▶ Requirement: The response should consist of the records, reproduced exactly.

<<<<

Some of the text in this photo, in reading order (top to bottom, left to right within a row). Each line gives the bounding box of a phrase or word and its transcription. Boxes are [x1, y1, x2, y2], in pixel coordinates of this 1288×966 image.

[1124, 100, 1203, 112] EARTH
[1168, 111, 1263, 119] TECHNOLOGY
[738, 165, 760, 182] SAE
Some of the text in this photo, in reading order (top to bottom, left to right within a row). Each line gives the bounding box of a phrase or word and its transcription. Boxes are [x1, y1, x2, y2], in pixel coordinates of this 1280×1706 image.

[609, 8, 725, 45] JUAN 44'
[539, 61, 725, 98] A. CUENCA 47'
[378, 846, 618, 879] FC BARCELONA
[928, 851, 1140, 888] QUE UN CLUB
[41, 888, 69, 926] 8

>>>>

▶ Answer space:
Some of the text in this photo, in reading order (top to bottom, left to right within a row). Each line gives the bounding box of a phrase or word and its transcription. Boxes are [x1, y1, x2, y2], in pixel coordinates of this 1288×966 image.

[1124, 100, 1203, 112] EARTH
[1168, 111, 1263, 119] TECHNOLOGY
[738, 165, 760, 182] SAE
Some of the text in this photo, in reading order (top to bottom, left to right within a row). Each line gives the bounding box of a phrase or word and its transcription. Boxes are [x1, y1, x2, y2], in pixel coordinates of this 1280×1706 image.

[609, 8, 725, 45] JUAN 44'
[539, 61, 725, 98] A. CUENCA 47'
[378, 846, 618, 879] FC BARCELONA
[928, 851, 1140, 888] QUE UN CLUB
[41, 888, 69, 926] 8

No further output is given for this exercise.